» WHAT IS EXPECTED: Without including pictures, set down every record exactly as it stands.

Entries taken from a collection
_ _ _ _

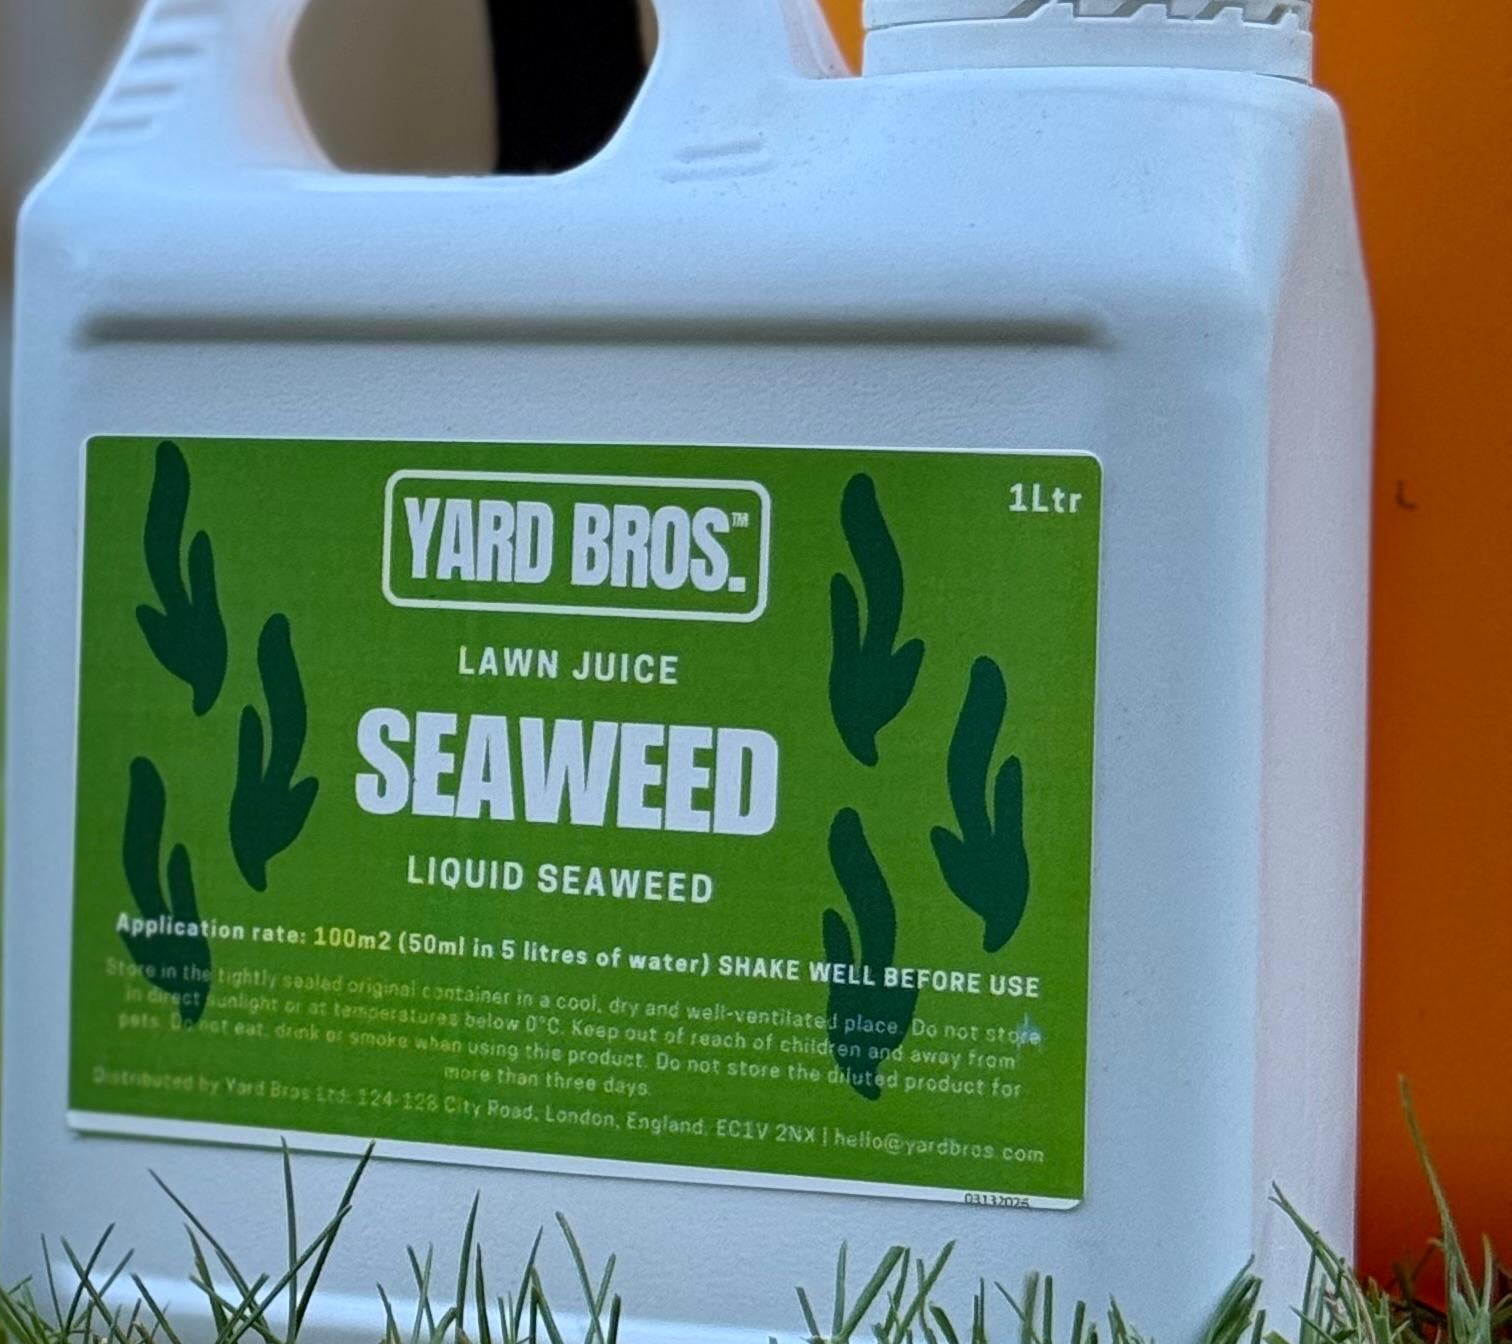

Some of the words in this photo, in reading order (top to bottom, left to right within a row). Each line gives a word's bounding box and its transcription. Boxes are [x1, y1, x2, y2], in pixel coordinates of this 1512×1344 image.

[1008, 483, 1082, 513] 1Ltr
[404, 497, 555, 583] YARD
[458, 646, 559, 679] LAWN
[572, 651, 678, 685] JUICE
[355, 708, 779, 836] SEAWEED
[407, 855, 524, 891] LIQUID
[537, 863, 713, 904] SEAWEED
[114, 912, 244, 943] Application
[251, 921, 306, 944] rate:
[312, 926, 392, 950] 100m2
[397, 932, 465, 960] (50ml
[472, 937, 494, 958] in
[500, 939, 517, 960] 5
[522, 941, 588, 965] litres
[595, 946, 623, 967] of
[627, 949, 709, 977] water)
[717, 955, 799, 980] SHAKE
[807, 962, 876, 985] WELL
[882, 967, 982, 993] BEFORE
[988, 974, 1040, 997] USE
[160, 961, 177, 979] in
[182, 963, 211, 981] the
[346, 976, 416, 1000] original
[538, 994, 550, 1007] a
[555, 991, 602, 1012] cool,
[607, 995, 639, 1018] dry
[643, 998, 679, 1017] and
[685, 1002, 837, 1027] well-ventilated
[910, 1018, 938, 1036] Do
[943, 1020, 979, 1039] not
[984, 1024, 1042, 1044] store
[464, 1011, 520, 1031] below
[570, 1019, 619, 1042] Keep
[624, 1023, 657, 1041] out
[663, 1026, 685, 1044] of
[690, 1028, 747, 1048] reach
[751, 1033, 774, 1050] of
[779, 1035, 860, 1056] children
[867, 1042, 904, 1060] and
[909, 1049, 961, 1068] away
[967, 1049, 1016, 1069] from
[467, 1037, 519, 1060] using
[655, 1052, 681, 1070] Do
[687, 1055, 720, 1073] not
[726, 1058, 780, 1078] store
[787, 1063, 820, 1081] the
[903, 1072, 985, 1097] product
[990, 1079, 1023, 1097] for
[443, 1066, 490, 1082] more
[496, 1067, 538, 1086] than
[545, 1071, 595, 1091] three
[716, 1118, 769, 1139] EC1V
[774, 1123, 815, 1143] 2NX
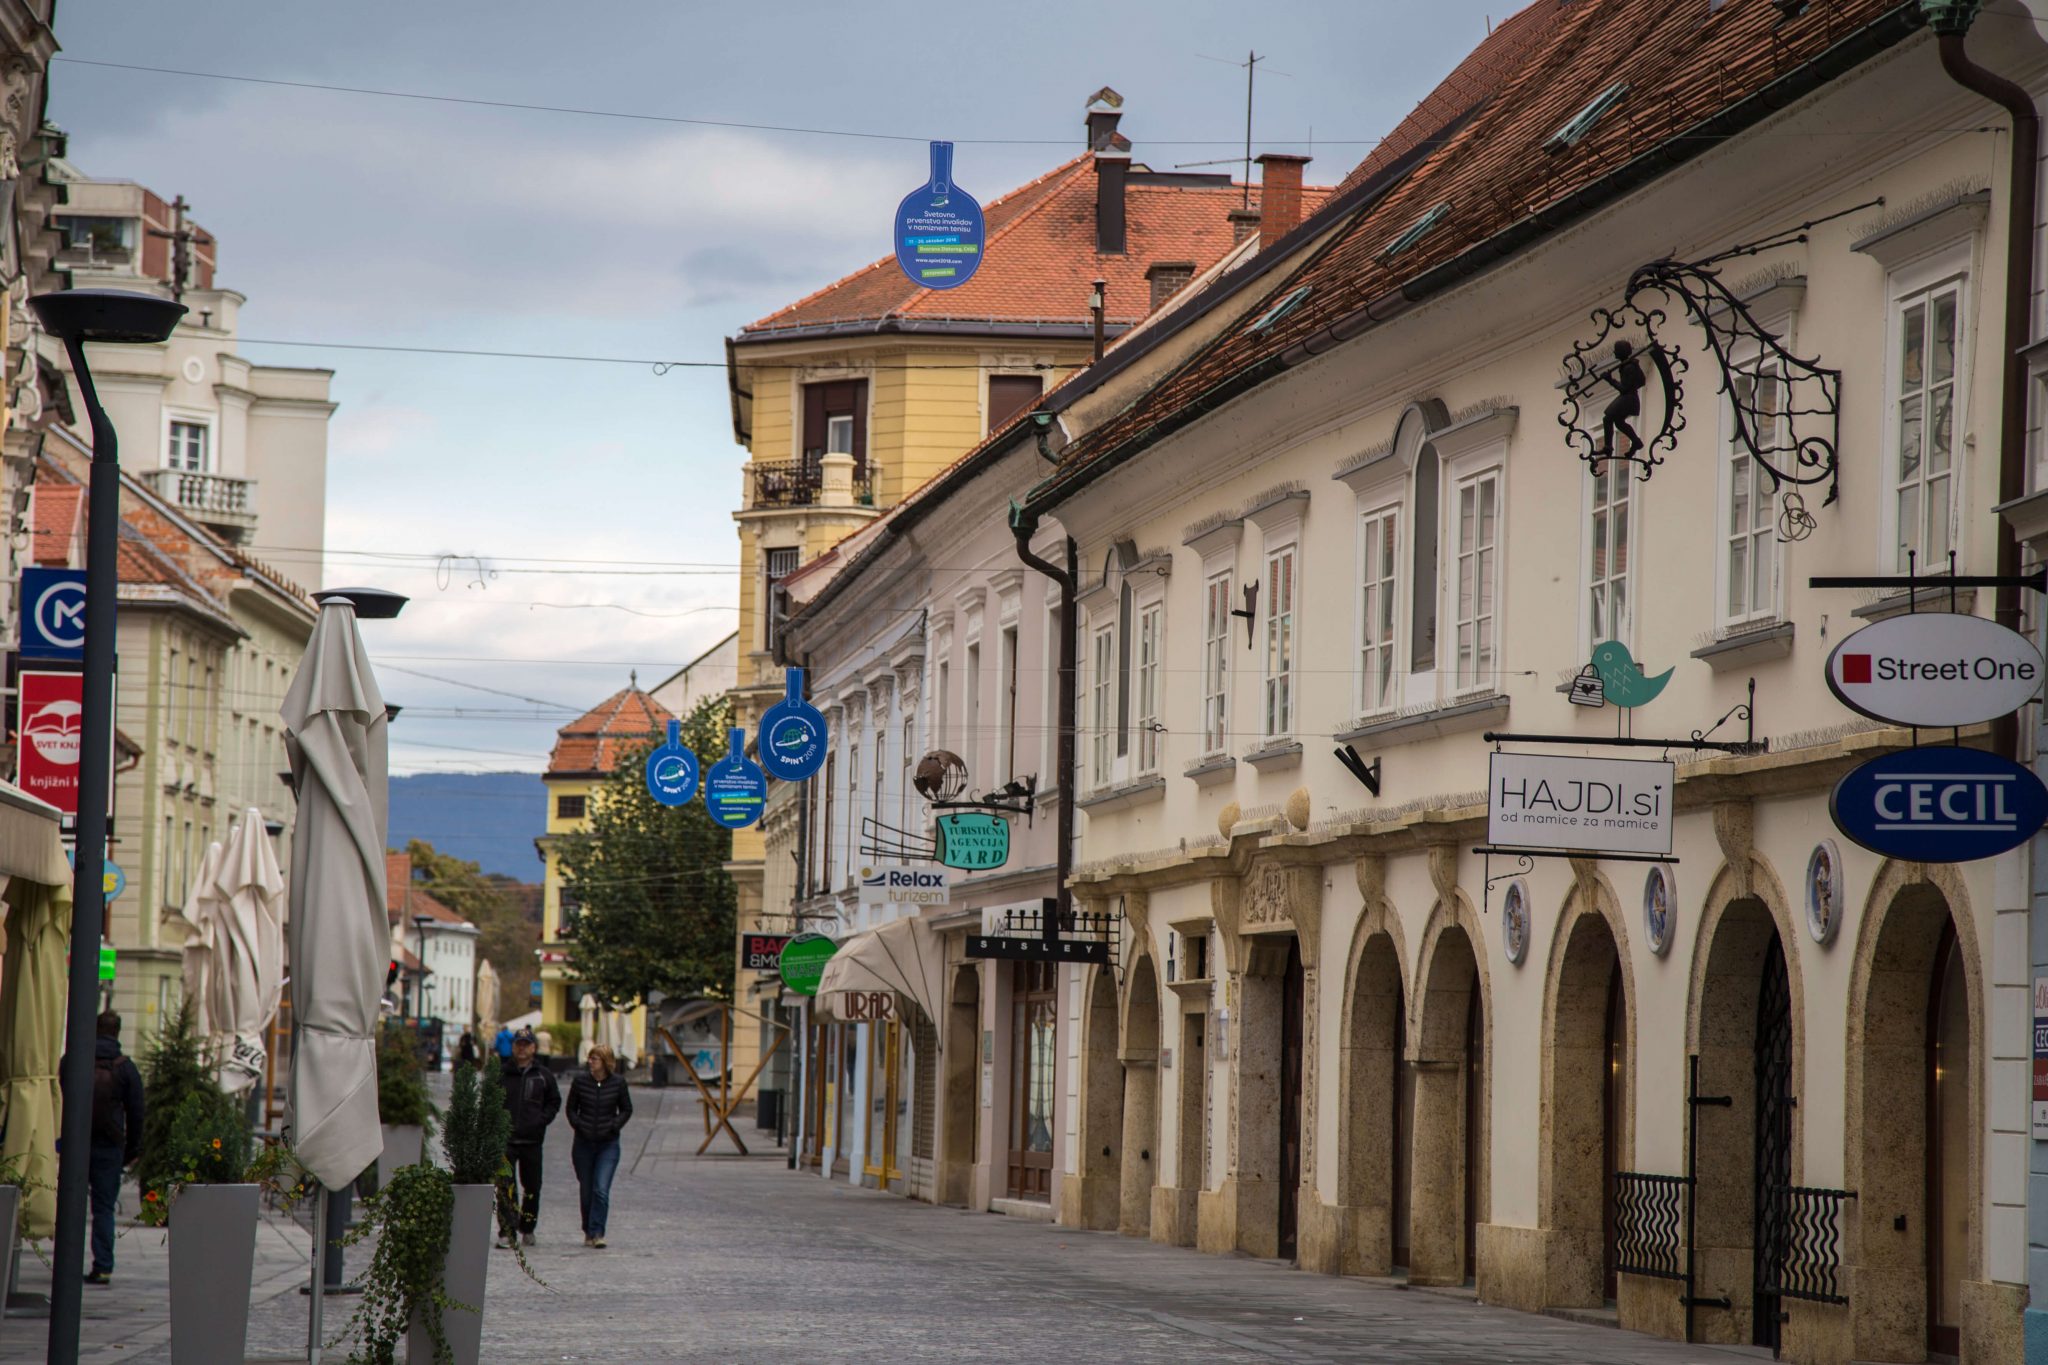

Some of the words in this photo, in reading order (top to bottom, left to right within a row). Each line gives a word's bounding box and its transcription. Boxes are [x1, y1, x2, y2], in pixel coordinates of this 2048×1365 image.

_ _ _ _

» FINISHED EXERCISE:
Some of the words in this photo, in reading order (top to bottom, left to right within a row). Each line gives a word's bounding box and its transcription. Boxes are [x1, y1, x2, y2], in pixel coordinates of this 1512×1344 image.

[1008, 483, 1082, 513] 1Ltr
[404, 497, 555, 583] YARD
[458, 646, 559, 679] LAWN
[572, 651, 678, 685] JUICE
[355, 708, 779, 836] SEAWEED
[407, 855, 524, 891] LIQUID
[537, 863, 713, 904] SEAWEED
[114, 912, 244, 943] Application
[251, 921, 306, 944] rate:
[312, 926, 392, 950] 100m2
[397, 932, 465, 960] (50ml
[472, 937, 494, 958] in
[500, 939, 517, 960] 5
[522, 941, 588, 965] litres
[595, 946, 623, 967] of
[627, 949, 709, 977] water)
[717, 955, 799, 980] SHAKE
[807, 962, 876, 985] WELL
[882, 967, 982, 993] BEFORE
[988, 974, 1040, 997] USE
[160, 961, 177, 979] in
[182, 963, 211, 981] the
[346, 976, 416, 1000] original
[538, 994, 550, 1007] a
[555, 991, 602, 1012] cool,
[607, 995, 639, 1018] dry
[643, 998, 679, 1017] and
[685, 1002, 837, 1027] well-ventilated
[910, 1018, 938, 1036] Do
[943, 1020, 979, 1039] not
[984, 1024, 1042, 1044] store
[464, 1011, 520, 1031] below
[570, 1019, 619, 1042] Keep
[624, 1023, 657, 1041] out
[663, 1026, 685, 1044] of
[690, 1028, 747, 1048] reach
[751, 1033, 774, 1050] of
[779, 1035, 860, 1056] children
[867, 1042, 904, 1060] and
[909, 1049, 961, 1068] away
[967, 1049, 1016, 1069] from
[467, 1037, 519, 1060] using
[655, 1052, 681, 1070] Do
[687, 1055, 720, 1073] not
[726, 1058, 780, 1078] store
[787, 1063, 820, 1081] the
[903, 1072, 985, 1097] product
[990, 1079, 1023, 1097] for
[443, 1066, 490, 1082] more
[496, 1067, 538, 1086] than
[545, 1071, 595, 1091] three
[716, 1118, 769, 1139] EC1V
[774, 1123, 815, 1143] 2NX

Some of the words in this photo, in reading order (top to bottom, left to right within a row). Each line gives a word's bounding box and its transcription. Boxes are [x1, y1, x2, y2], in pixel coordinates of this 2048×1365 image.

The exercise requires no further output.